(Images for object localization)
◆ ◆ ◆ ◆

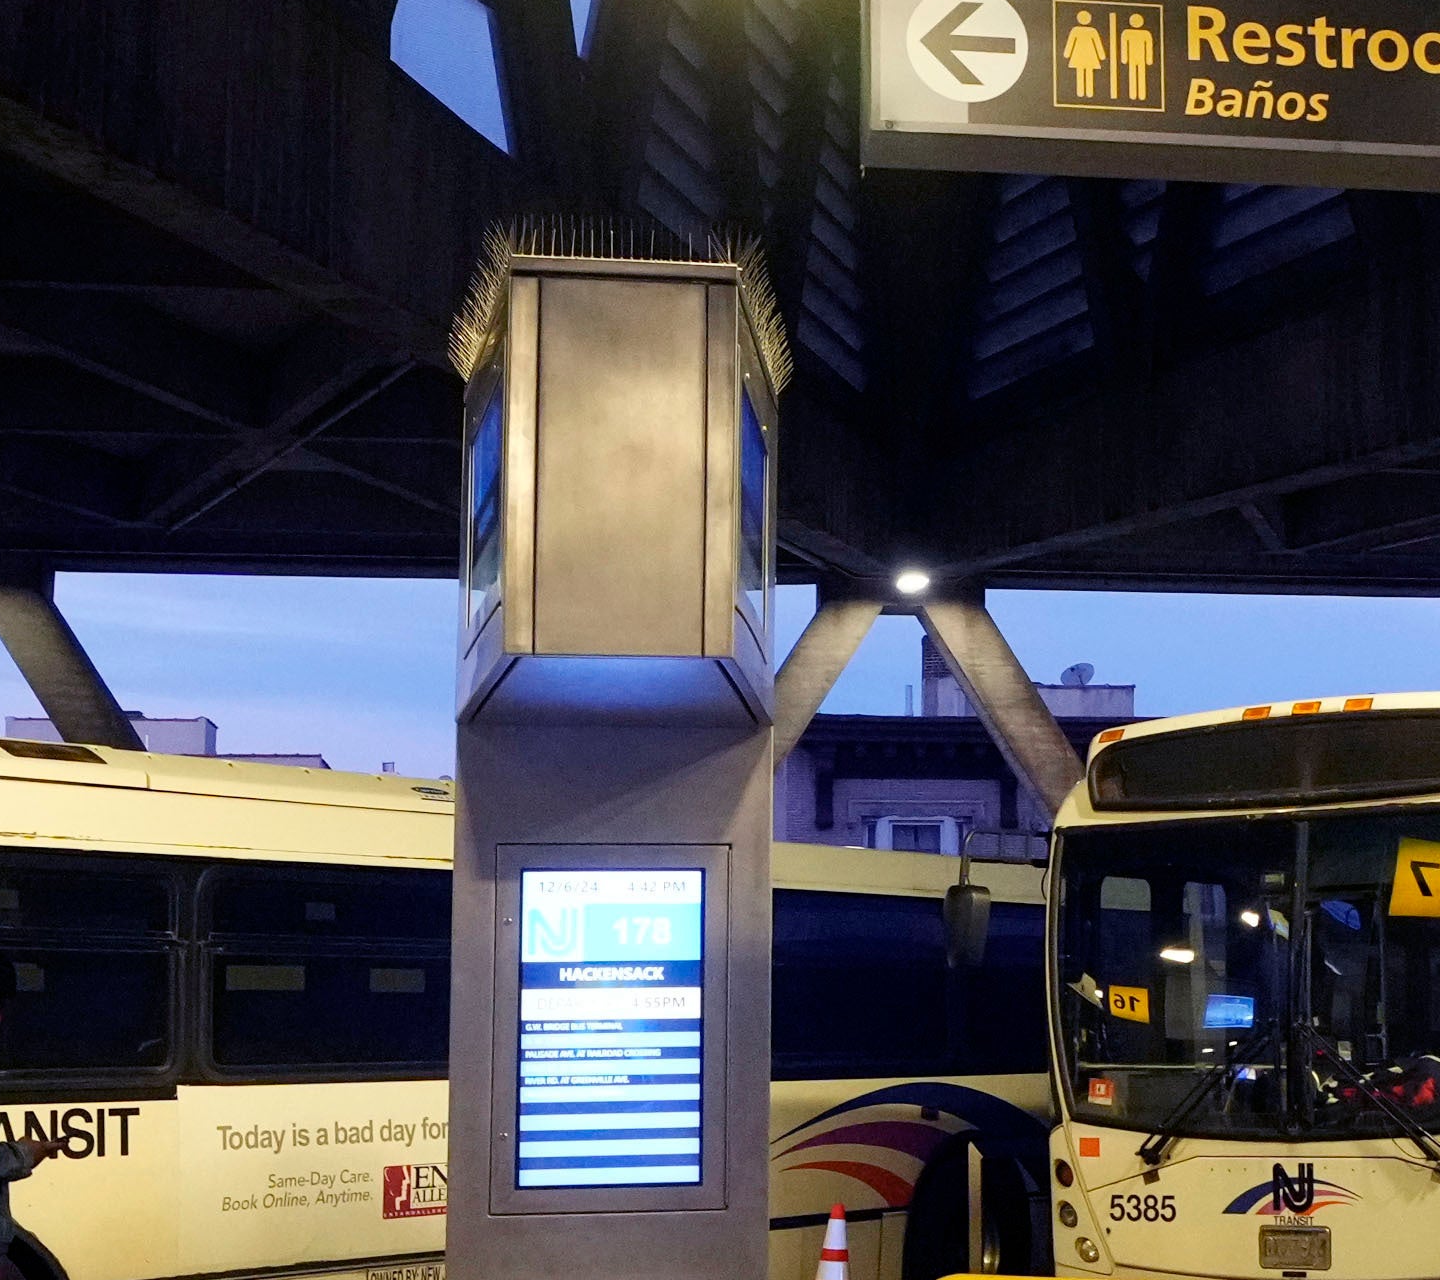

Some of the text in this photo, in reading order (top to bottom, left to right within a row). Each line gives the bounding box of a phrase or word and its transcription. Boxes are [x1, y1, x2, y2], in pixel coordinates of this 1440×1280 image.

[1184, 76, 1331, 124] Baños
[627, 881, 657, 892] 442
[663, 881, 686, 892] PM
[612, 917, 672, 945] 178
[559, 966, 665, 982] HACKENSACK
[632, 996, 686, 1009] 455PM
[216, 1116, 449, 1154] Today is a bad day for
[267, 1168, 374, 1191] Same-Day Care.
[1272, 1162, 1314, 1214] NJ
[221, 1187, 374, 1213] Book Online, Anytime.
[1109, 1194, 1177, 1223] 5385
[1273, 1215, 1315, 1226] TRANSIT

◆ ◆ ◆ ◆

### [WHAT YOU SHOULD DO]
Give back the entries verbatim. Do not include any picture.

### [SOLUTION TO THIS EXERCISE]
Some of the text in this photo, in reading order (top to bottom, left to right within a row). Each line gives the bounding box of a phrase or word and its transcription. Boxes are [x1, y1, x2, y2], in pixel coordinates of this 1440×1280 image.

[1184, 76, 1331, 124] Baños
[627, 881, 657, 892] 442
[663, 881, 686, 892] PM
[612, 917, 672, 945] 178
[559, 966, 665, 982] HACKENSACK
[632, 996, 686, 1009] 455PM
[216, 1116, 449, 1154] Today is a bad day for
[267, 1168, 374, 1191] Same-Day Care.
[1272, 1162, 1314, 1214] NJ
[221, 1187, 374, 1213] Book Online, Anytime.
[1109, 1194, 1177, 1223] 5385
[1273, 1215, 1315, 1226] TRANSIT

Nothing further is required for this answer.